Book Review: The Man Who Listens to Horses

One of the best books I’ve read on training is The Man Who Listens to Horses.

I found this book by accident because I was looking in the wrong section of the library for another book for someone else. I’m so glad I did. Not only was it an engaging account of an extraordinary life, it was a clear, simple articulation of a method for creating connection and trust with a horse.

At the time, I’d recently taken a course on taming mustangs that was based on Applied Behavioral Analysis (ABA) principles. The aim of this method is the humane training of horses (and other animals) based on gaining trust and then teaching using the behaviorist methods of Skinner and Pavlov to pair positive stimuli with the training process. It’s interesting and effective, but I found that when I was studying the process, it seemed…convoluted. Like it was more complicated than it had to be.

When I read about Monty Roberts’s join-up method, I saw what was missing.
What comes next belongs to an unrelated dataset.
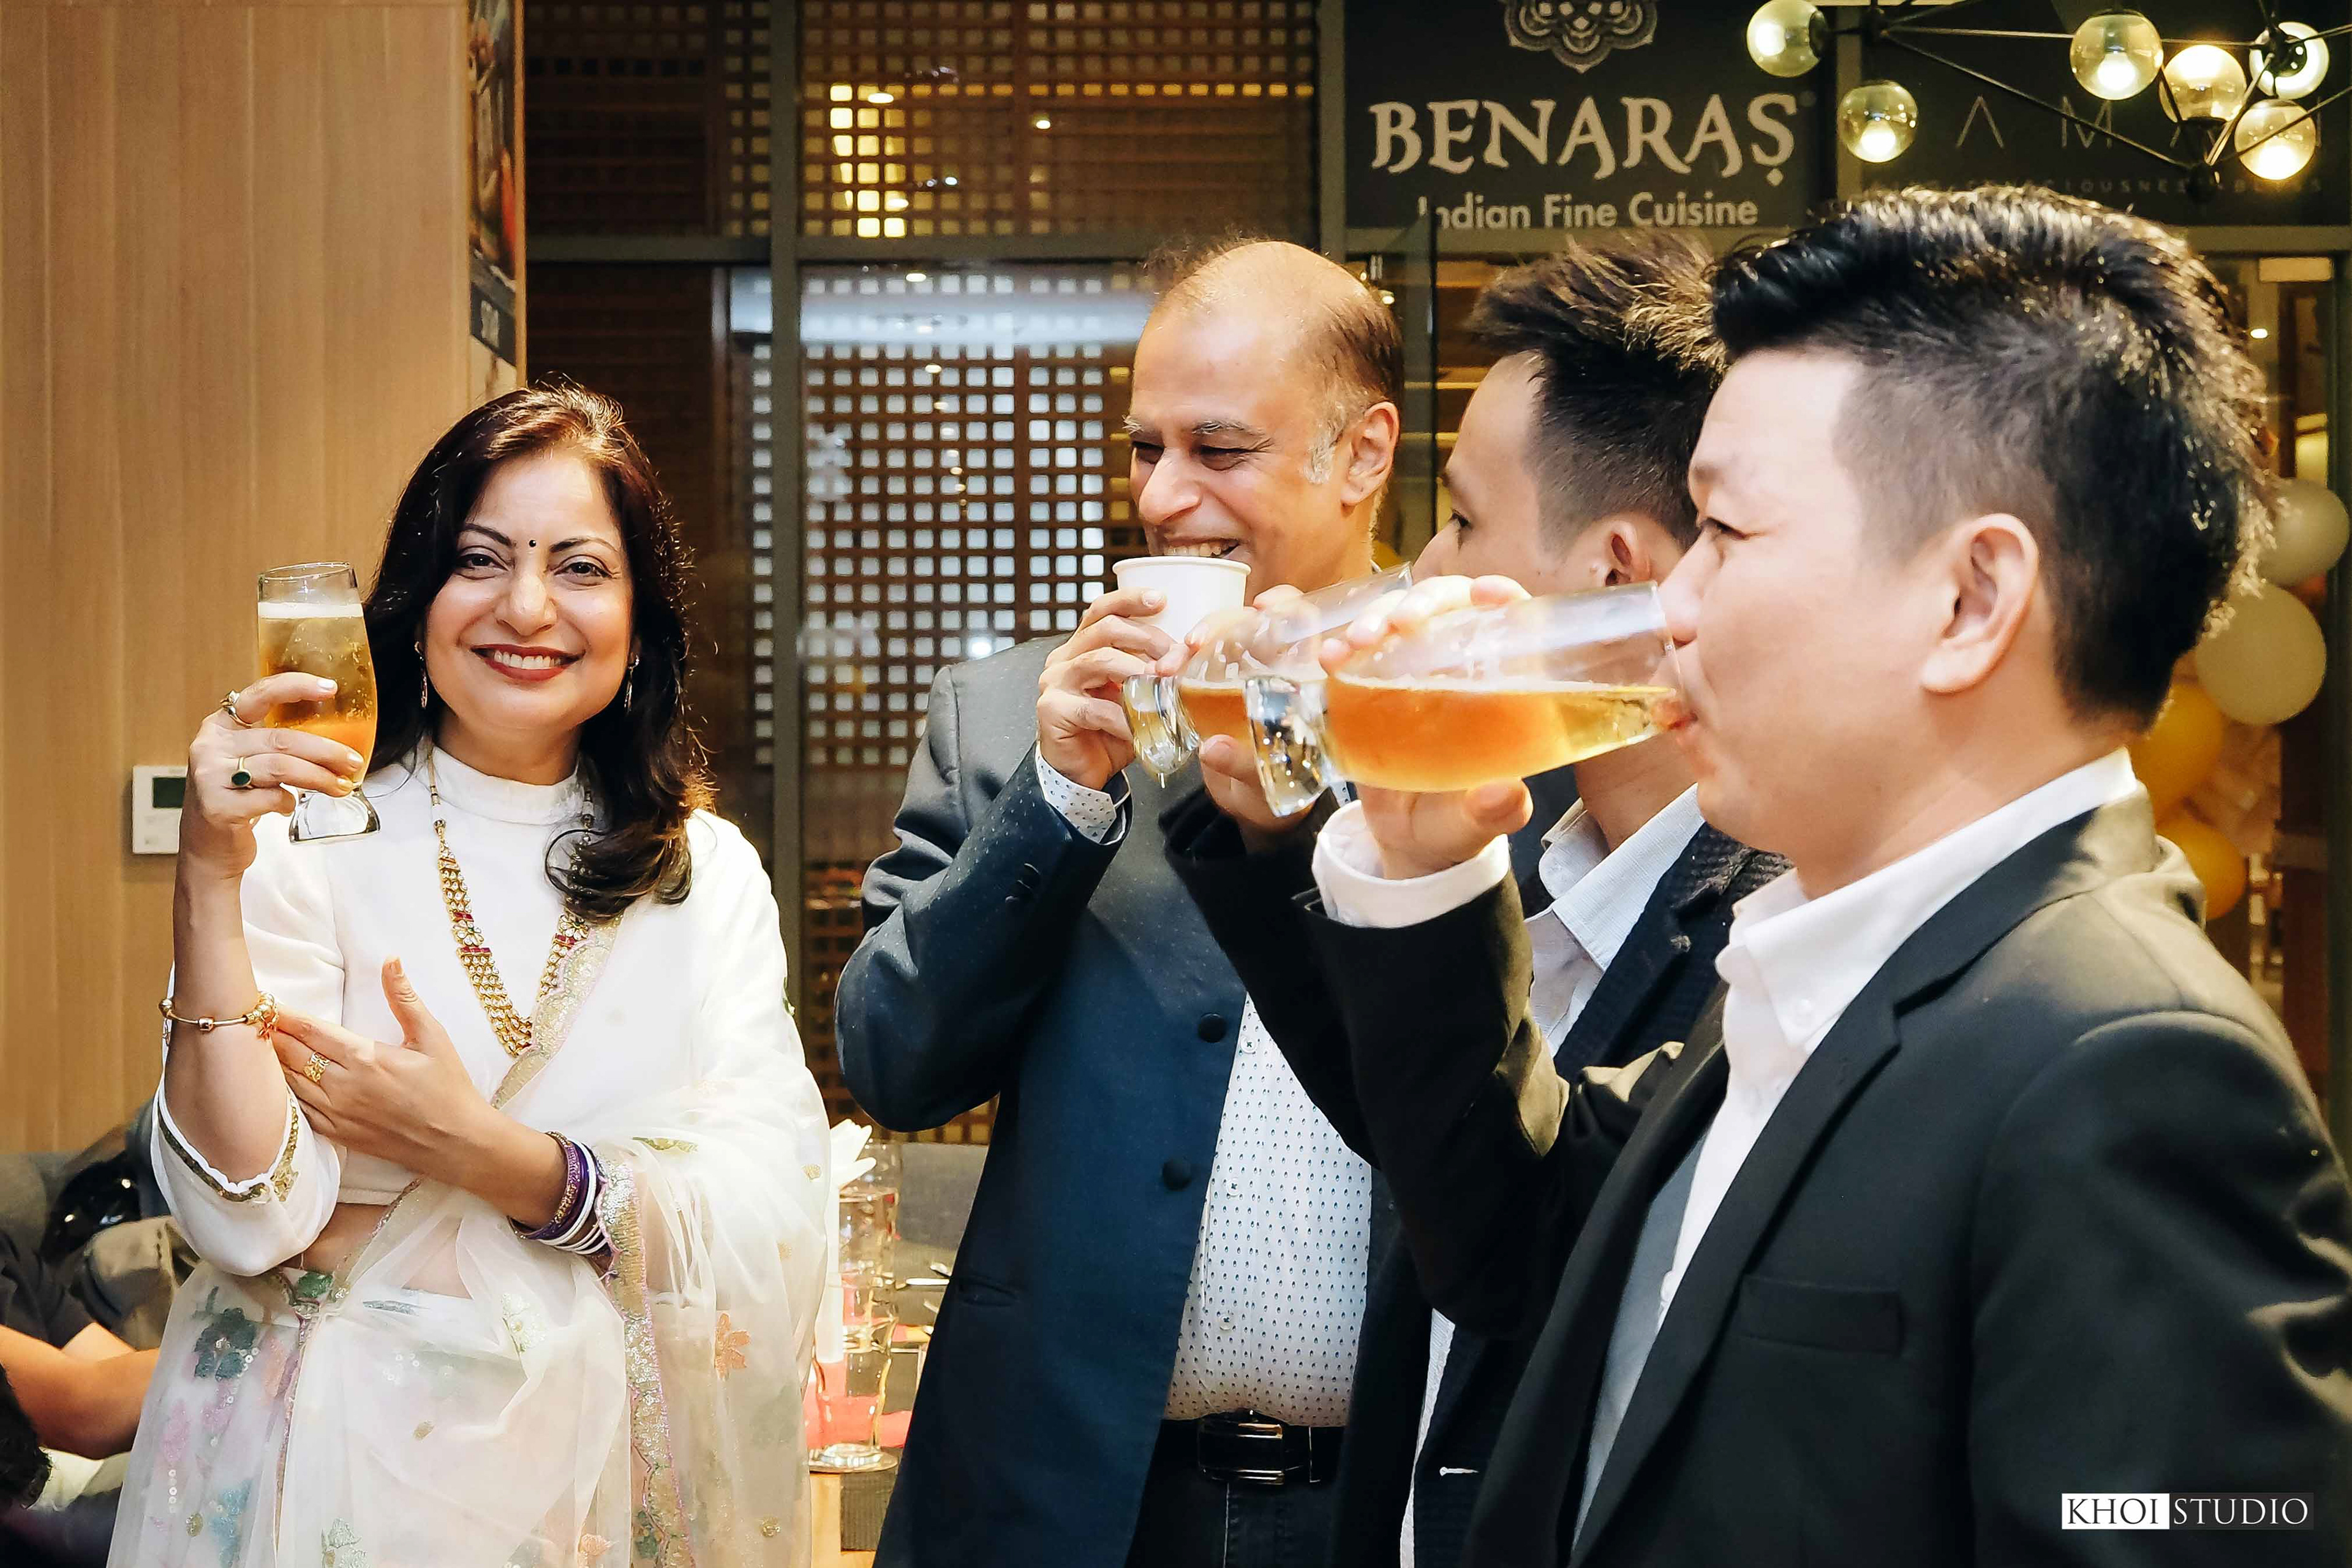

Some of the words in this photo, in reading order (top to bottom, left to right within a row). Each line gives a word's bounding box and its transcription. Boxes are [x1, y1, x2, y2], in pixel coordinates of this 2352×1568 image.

[1368, 93, 1796, 186] BENARAS
[1542, 192, 1618, 228] Fine
[1628, 190, 1758, 226] Cuisine
He speaks to the horses using their own language, not our complex vocabulary of psychological terms. Having spent so much time observing mustangs in the wild and understanding how they interact—for example, how a matriarch mare disciplines the problematic behavior of a young colt—Roberts was able to learn how to make a connection with horses in terms that they understand. There’s a part where he talks about a tutor he had when he was young, who said that you can’t teach someone anything, you can only create an environment where he can learn. That is what strikes me as the difference between the ABA approach I studied and Roberts’s approach. Instead of repetitive, scientifically constructed scenarios aimed at getting the horse to do what you want, Roberts’s method is essentially a conversation. It’s saying to the horse, “Trust me; I’ll take care of you,” when the horse is at his most vulnerable. After he trusts you, he’ll willingly want to learn.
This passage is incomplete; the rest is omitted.